½ head escarole (6 cups)
½ head iceberg lettuce (8 cups)
½ pound spinach
2 tablespoons finely minced pimientos
½ cup thinly sliced black pitted olives
1 medium-sized onion, thinly sliced
1 tablespoon finely chopped parsley
Dressing:
¾ cup salad oil
1 teaspoon oregano
1 tablespoon dried basil
¼ teaspoon dry mustard
½ teaspoon Worcestershire sauce
1 teaspoon salt
¼ teaspoon freshly ground black pepper
1 teaspoon finely chopped garlic
¼ cup wine vinegar
2 tablespoons lemon juice
Thoroughly wash and drain the escarole, lettuce and spinach, discarding any bruised or discolored leaves and the tough spinach stems. Tear the greens into bite-sized pieces. To dry them, pat the pieces with paper towels, then place them in a salad bowl and refrigerate them until you are ready to serve.

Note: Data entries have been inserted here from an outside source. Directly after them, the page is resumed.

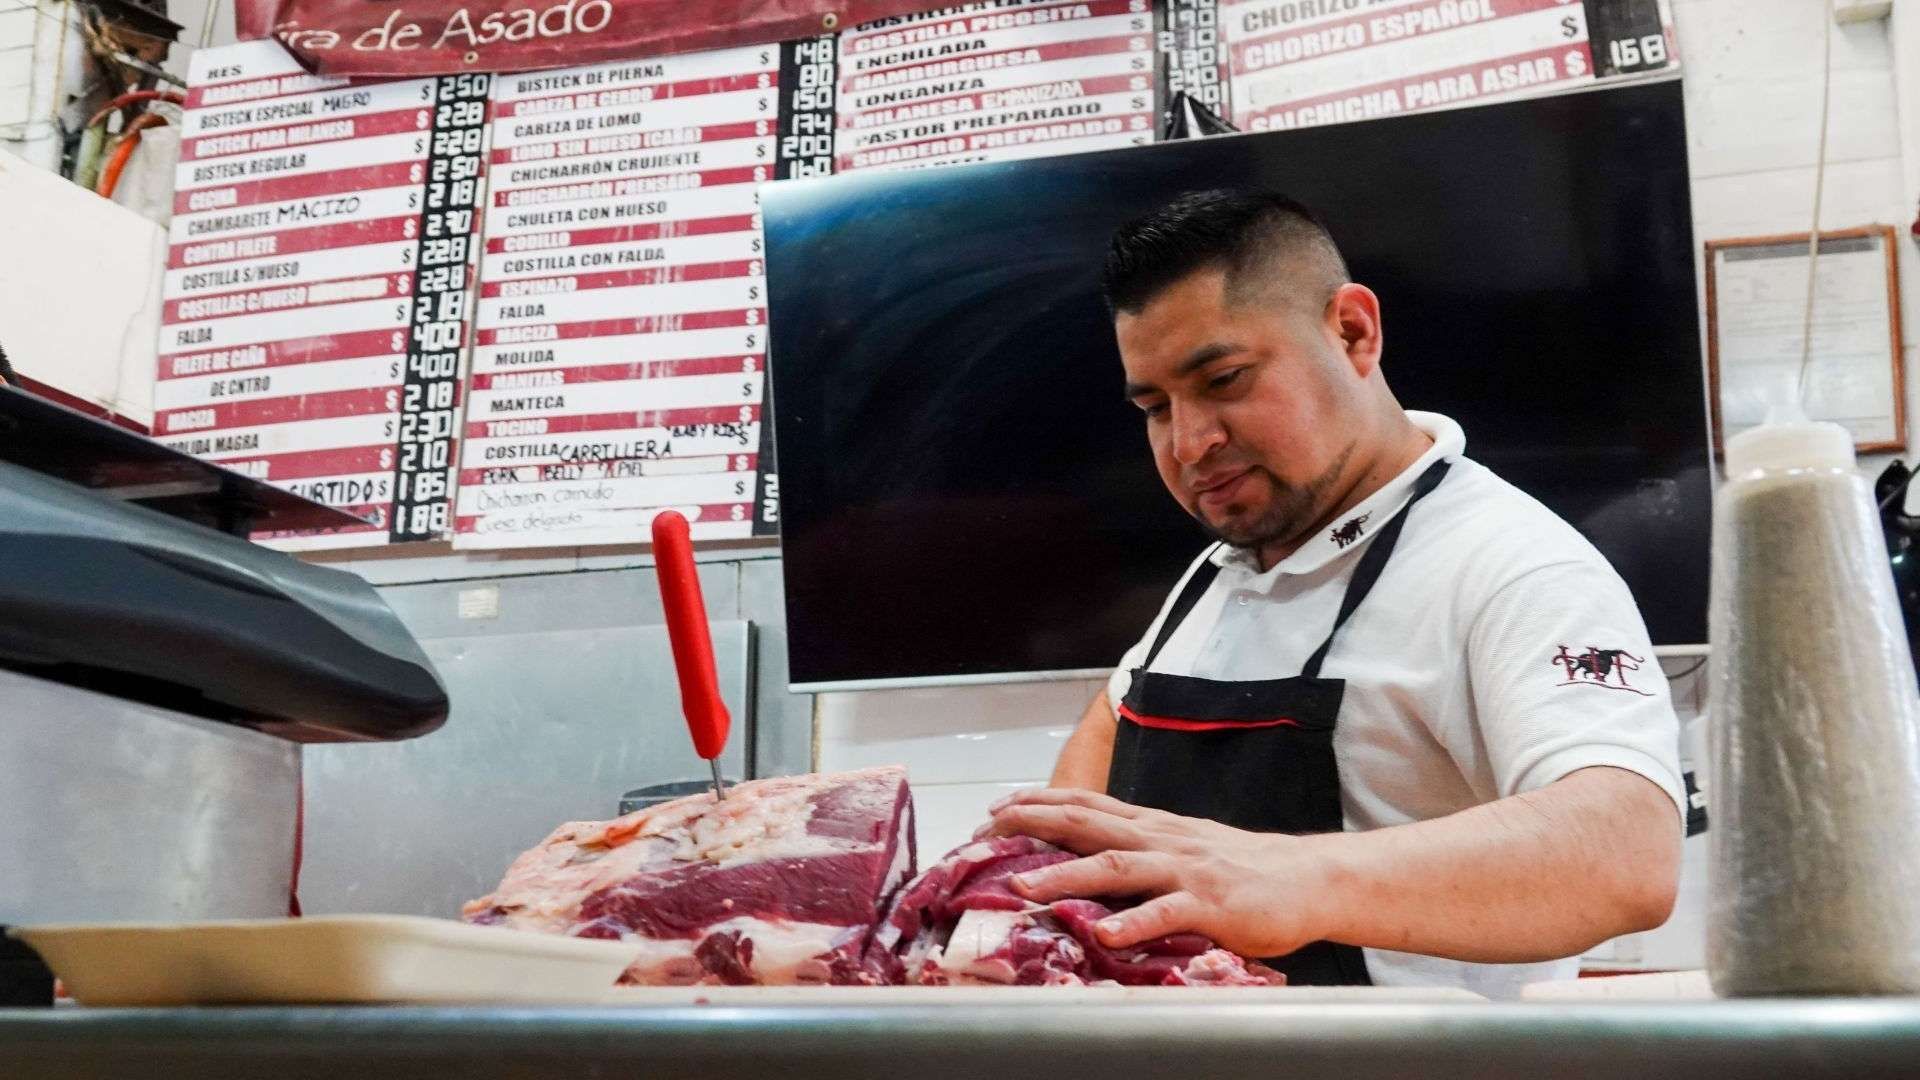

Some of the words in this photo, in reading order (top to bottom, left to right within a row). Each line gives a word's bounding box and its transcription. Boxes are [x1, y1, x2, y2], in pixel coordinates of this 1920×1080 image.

[352, 9, 422, 52] de
[432, 0, 612, 50] Asado
[854, 20, 967, 52] COSTILLA
[970, 4, 1092, 32] PICOSITA
[1244, 22, 1366, 70] CHORIZO
[1369, 0, 1496, 43] ESPAÑOL
[1561, 16, 1579, 39] $
[517, 74, 582, 93] BISTECK
[586, 71, 604, 84] DE
[608, 64, 664, 82] PIERNA
[795, 39, 833, 65] 148
[854, 49, 1042, 90] HAMBURGUESA
[857, 39, 986, 69] ENCHILADA
[799, 62, 834, 88] 80
[1405, 73, 1478, 108] PARA
[1481, 57, 1556, 93] ASAR
[1564, 50, 1587, 78] $
[1610, 34, 1667, 68] 168
[200, 110, 253, 129] BISTECK
[256, 101, 313, 122] ESPECIAL
[439, 74, 489, 101] 250
[856, 78, 985, 107] LONGANIZA
[436, 101, 484, 128] 228
[513, 120, 571, 137] CABEZA
[576, 117, 594, 131] DE
[599, 111, 642, 128] LOMO
[793, 86, 833, 111] 150
[792, 113, 832, 135] 174
[854, 97, 976, 128] MILANESA
[856, 121, 945, 146] PASTOR
[954, 102, 1101, 130] PREPARADO
[193, 162, 246, 181] BISTECK
[249, 153, 306, 174] REGULAR
[433, 128, 482, 155] 228
[853, 137, 965, 168] SUADERO
[970, 118, 1123, 150] PREPARADO
[432, 155, 480, 181] 250
[510, 159, 613, 183] CHICHARRÓN
[617, 151, 701, 171] CRUJIENTE
[782, 135, 832, 158] 200
[188, 212, 270, 235] CHAMBARETE
[276, 197, 360, 224] MACIZO
[428, 179, 475, 208] 218
[507, 208, 574, 228] CHULETA
[577, 206, 611, 221] CON
[614, 200, 668, 218] HUESO
[182, 269, 239, 290] COSTILLA
[421, 237, 468, 265] 228
[503, 254, 576, 274] COSTILLA
[580, 251, 613, 267] CON
[617, 247, 665, 264] FALDA
[419, 264, 466, 293] 228
[177, 327, 212, 345] FALDA
[416, 290, 463, 323] 218
[499, 304, 545, 320] FALDA
[414, 320, 462, 351] 400
[495, 350, 555, 365] MOLIDA
[210, 380, 226, 397] DE
[229, 375, 271, 395] CNTRO
[409, 352, 457, 380] 400
[404, 381, 454, 412] 218
[490, 395, 565, 412] MANTECA
[216, 433, 258, 452] MAGRA
[401, 410, 452, 442] 230
[401, 440, 448, 471] 210
[485, 443, 559, 460] COSTILLA
[399, 472, 446, 501] 185
[396, 502, 447, 535] 188

Meanwhile, mix the dressing by combining the salad oil, oregano, basil, mustard and Worcestershire sauce, salt, and pepper in a small bowl or jar and stir or shake until the salt has dissolved and the mustard is absorbed. Add the garlic, vinegar and lemon juice and mix thoroughly.
At serving-time, remove the greens from the refrigerator and sprinkle in the pimientos, olives and onions. Stir or shake the dressing and pour it over the salad. Toss vigorously to coat the leaves, then garnish with the parsley.